If you're just serializing the locations of 1s you should be able to get out your correct sparse tensor with a little bit of trickery:

The parsed sparse tensor features['features'] will look something like this:

features['features'].indices: [[batch_id, position]...]

Where position is a useless enumeration.

but you really want feature['features'] to look like [[batch_id, one_position], ...]
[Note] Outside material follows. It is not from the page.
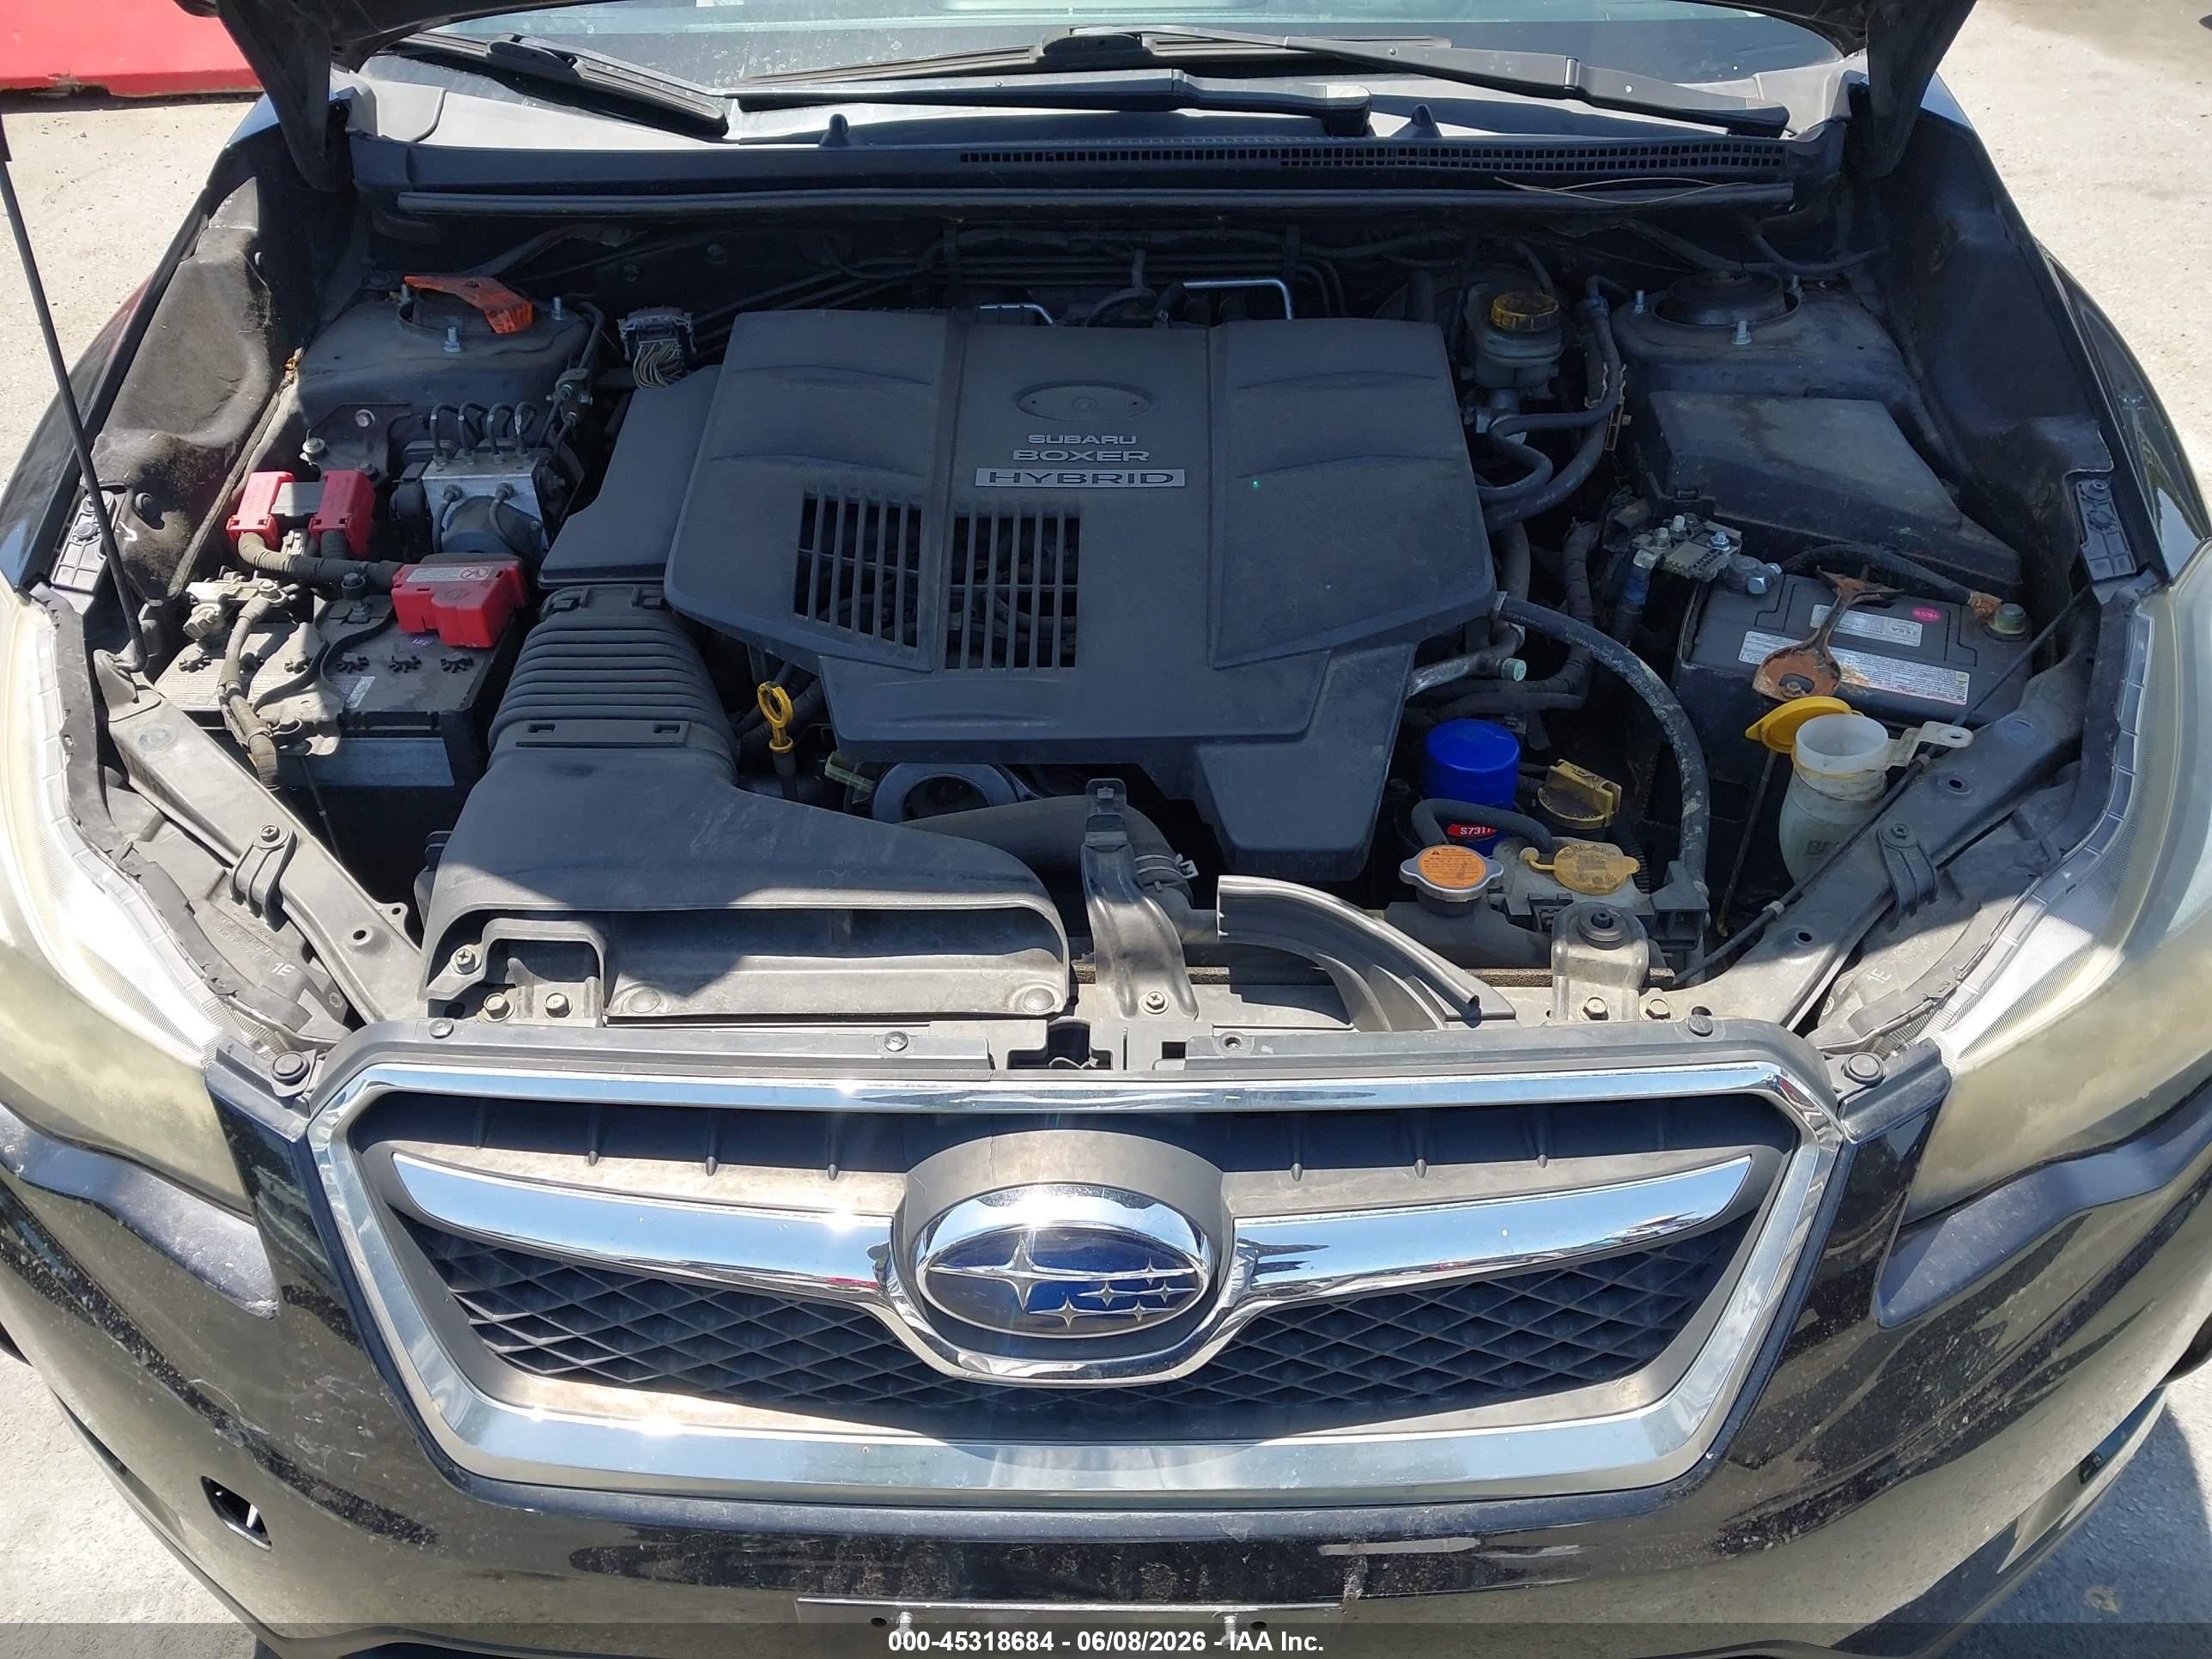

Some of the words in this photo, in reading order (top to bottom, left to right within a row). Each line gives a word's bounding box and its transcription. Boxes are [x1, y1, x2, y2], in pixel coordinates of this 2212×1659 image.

[1028, 434, 1137, 445] SUBARU
[1012, 450, 1151, 462] BOXER
[988, 472, 1175, 484] HYBRID
Where one_position is the actual value you specified in your sparse tensor.

So:

indices = features['features'].indices
indices = tf.transpose(indices) 
# Now looks like [[batch_id, batch_id, ...], [position, position, ...]]
indices = tf.stack([indices[0], features['features'].values])
# Now looks like [[batch_id, batch_id, ...], [one_position, one_position, ...]]
indices = tf.transpose(indices)
# Now looks like [[batch_id, one_position], [batch_id, one_position], ...]]
features['features'] = tf.SparseTensor(
   indices=indices,
   values=tf.ones(shape=tf.shape(indices)[:1])
   dense_shape=1 + tf.reduce_max(indices, axis=[0])
)

Voila! features['features'] now represents a matrix that is your batch of sparse vectors concatenated.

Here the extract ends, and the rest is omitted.